Characteristics of the binding of corticosteroid-binding globulin to rat cell membranes.

Specific binding sites for corticosteroid-binding globulin (CBG) were detected on membranes prepared from rat spleen. The binding sites are typical of membrane receptors; they are saturable, specific, have high affinity, and require Mg2+ or Ca2+ for binding. There was little specific binding at 4 C, and maximal binding was obtained at 37 C. Scatchard analysis revealed a single set of binding sites with an apparent Kd of 0.84 microM, and a binding capacity of 39 pmol/mg membrane protein.
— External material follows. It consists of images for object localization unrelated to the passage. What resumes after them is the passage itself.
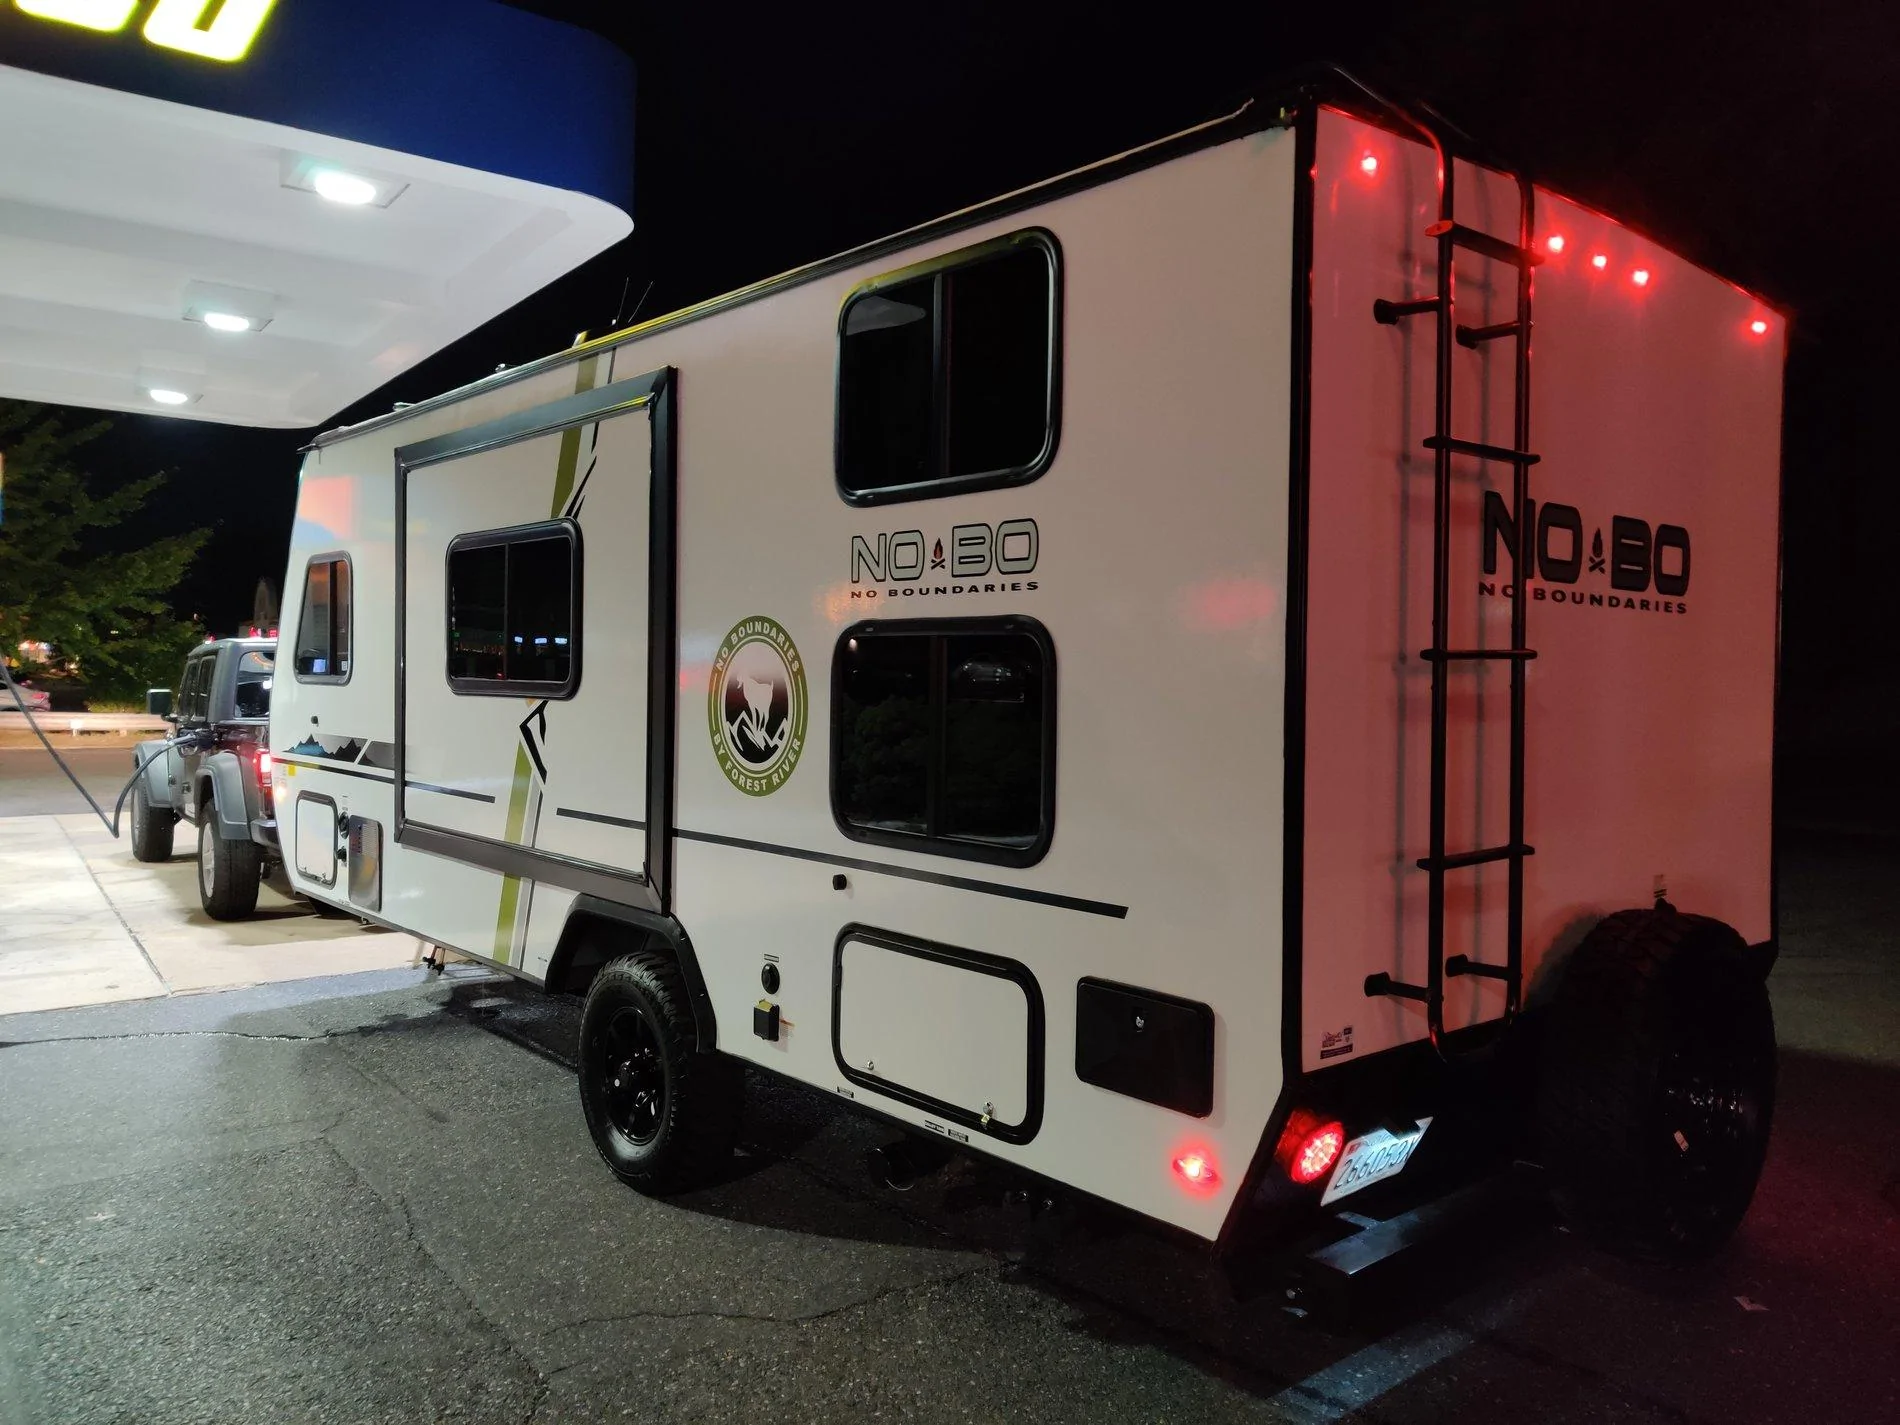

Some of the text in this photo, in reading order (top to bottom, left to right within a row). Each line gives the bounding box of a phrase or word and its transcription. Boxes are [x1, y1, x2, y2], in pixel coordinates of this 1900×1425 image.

[851, 518, 1040, 584] NO BO
[1484, 490, 1690, 597] NO BO
[850, 582, 1039, 599] NO BOUNDARIES
[1533, 587, 1687, 614] BOUNDARIES
[715, 620, 800, 673] NO BOUNDARIES
[713, 732, 802, 792] BY FOREST RIVER
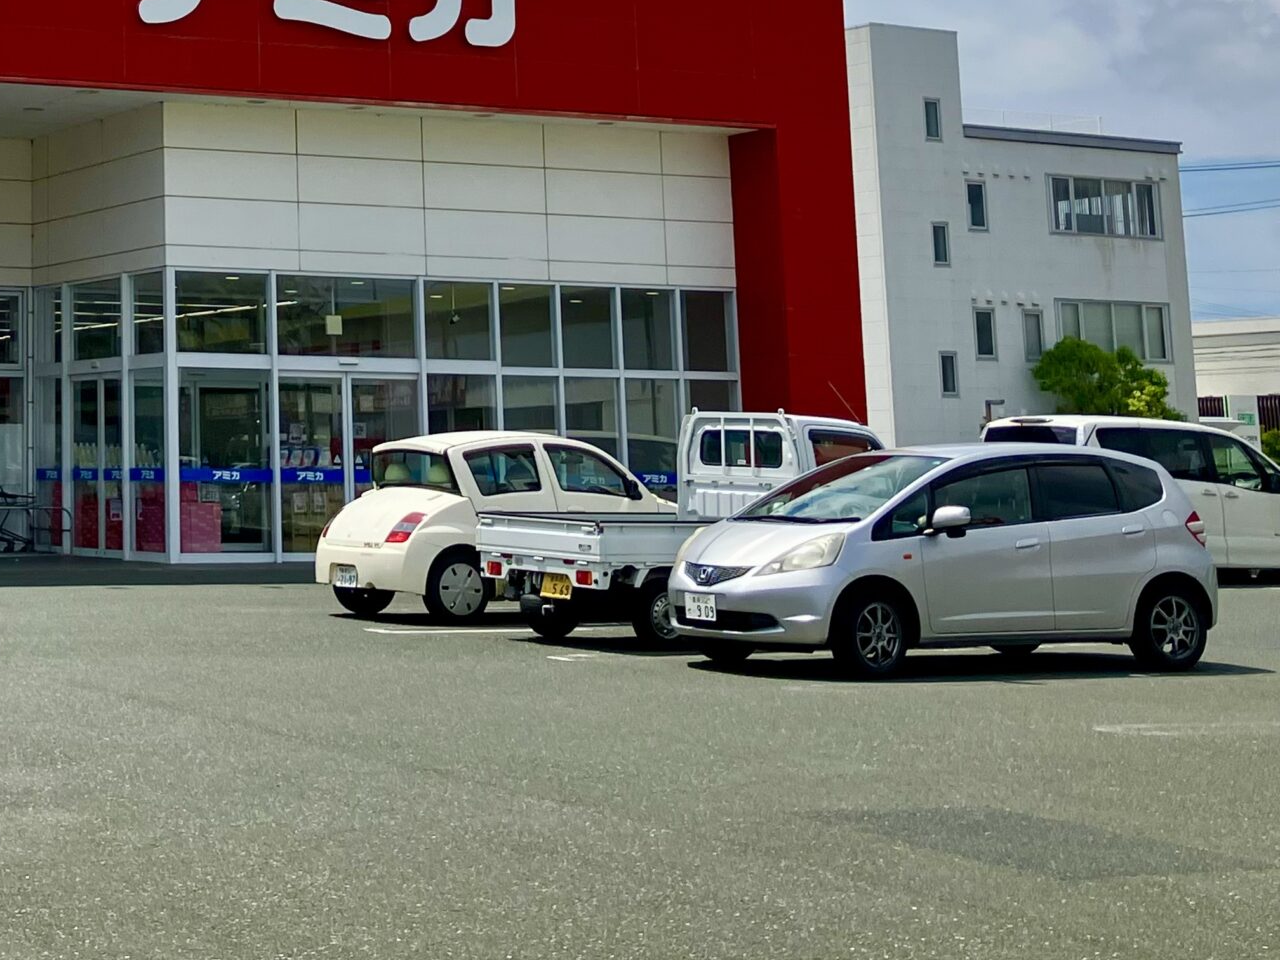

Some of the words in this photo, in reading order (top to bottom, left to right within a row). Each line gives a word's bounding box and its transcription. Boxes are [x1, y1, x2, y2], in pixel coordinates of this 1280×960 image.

[212, 470, 240, 480] アミカ
[296, 471, 324, 481] アミカ
[643, 474, 668, 484] アミカ
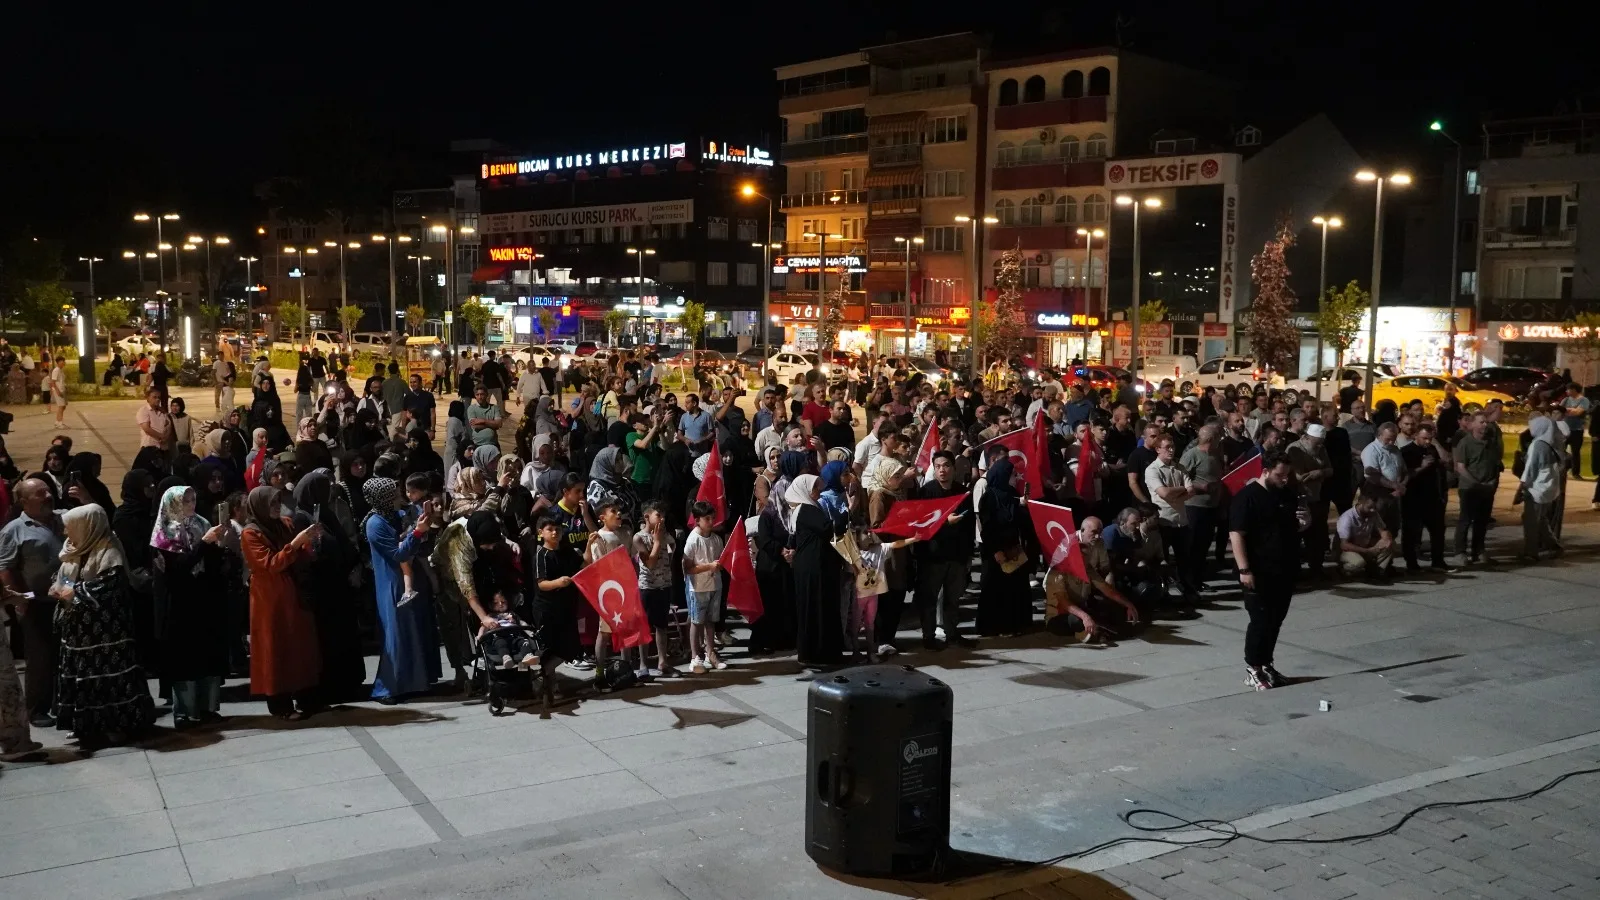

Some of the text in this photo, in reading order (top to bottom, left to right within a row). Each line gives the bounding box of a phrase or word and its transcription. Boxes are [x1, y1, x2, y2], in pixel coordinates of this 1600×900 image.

[519, 159, 549, 173] HOCAM
[556, 153, 592, 169] KURS
[1128, 158, 1198, 183] TEKSİF
[572, 209, 606, 225] KURSU
[608, 207, 637, 222] PARK
[490, 248, 515, 261] YAKIN
[1500, 302, 1592, 320] KONA
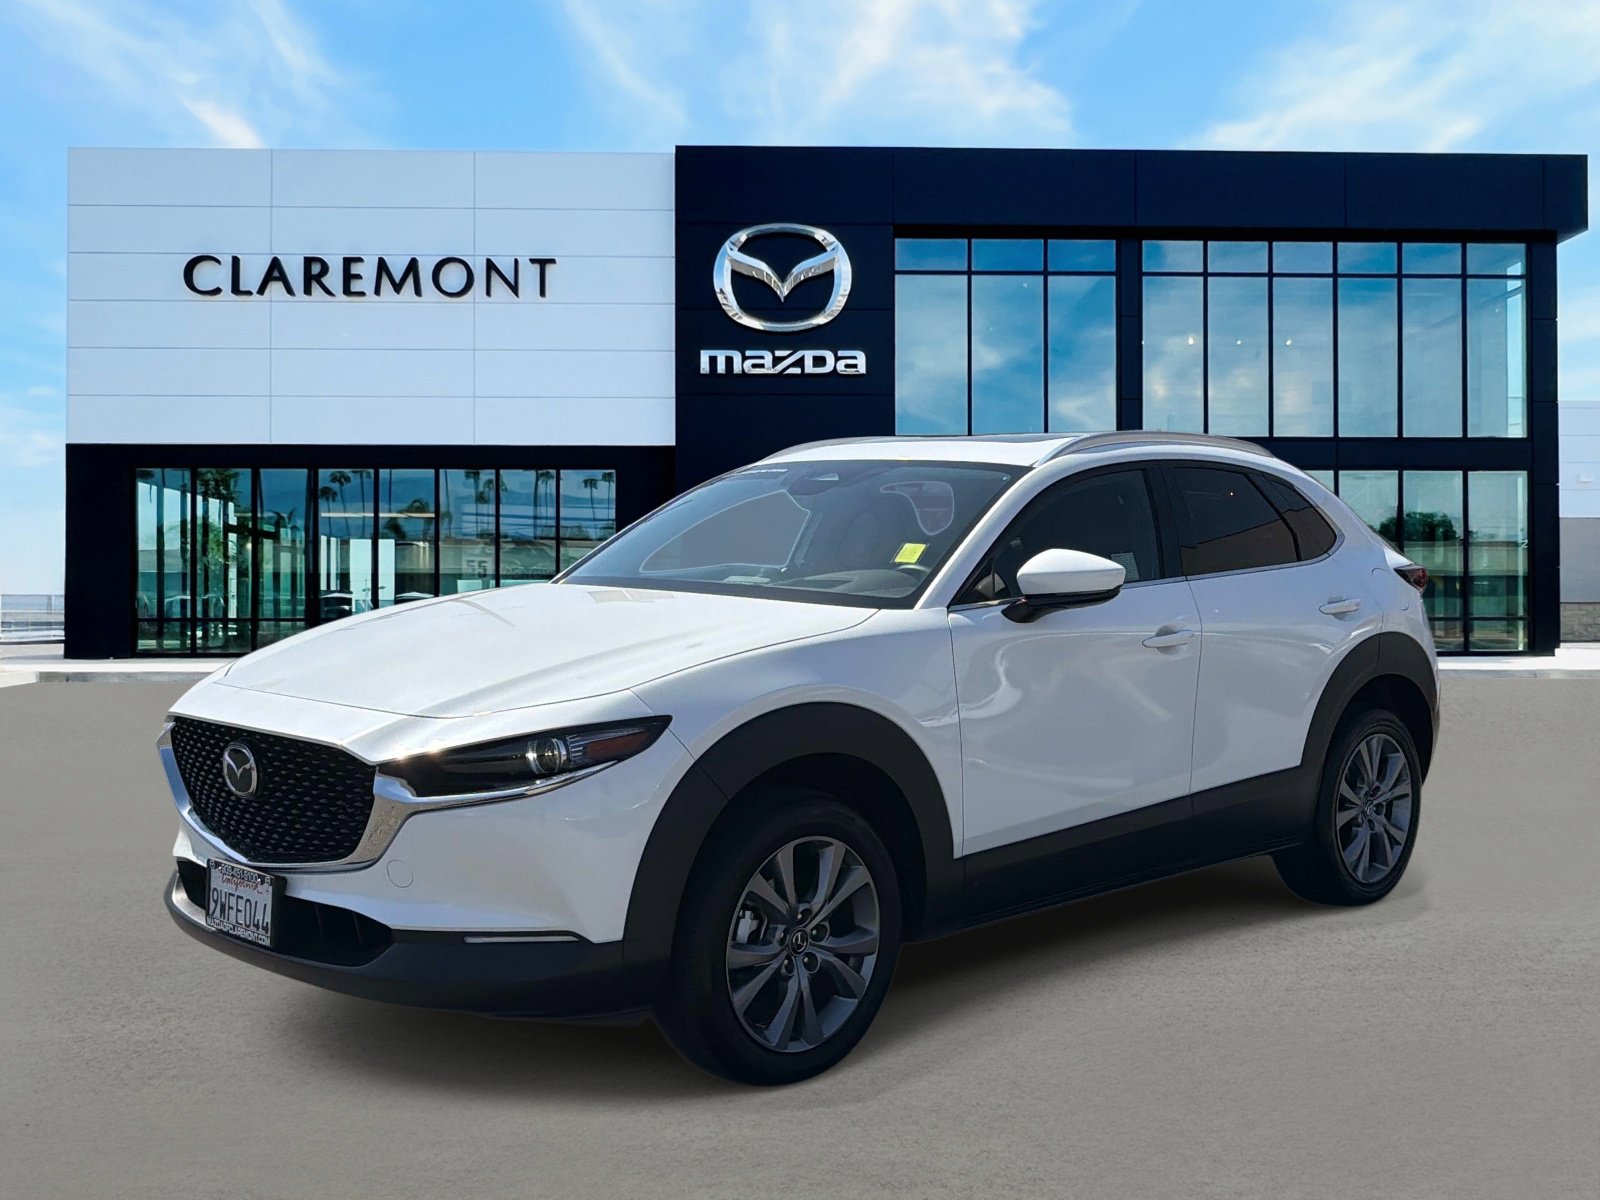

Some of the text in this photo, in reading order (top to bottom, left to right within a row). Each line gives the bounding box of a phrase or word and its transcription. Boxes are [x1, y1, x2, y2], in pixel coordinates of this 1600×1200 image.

[184, 255, 557, 299] CLAREMONT
[699, 349, 867, 376] mazda
[211, 888, 269, 934] 9WFE044
The sites were specific for CBG; binding of [125I]CBG was not inhibited by a 10,000-fold excess of either rat albumin or rat transferrin. Polyacrylamide gel electrophoresis in the presence of sodium dodecyl sulfate of the membrane-bound [125I]CBG revealed the presence of lower mol wt iodinated products which were undetectable in the unbound [125I]CBG fraction. Further, whereas the electrophoretic patterns from uterine, pulmonary, and renal membranes showed that the less mobile band (mol wt, 60K) of the normal CBG doublet appeared to be metabolized to a greater extent than the more mobile band (mol wt, 52K), those from splenic membranes showed equal metabolism of both parts of the doublet.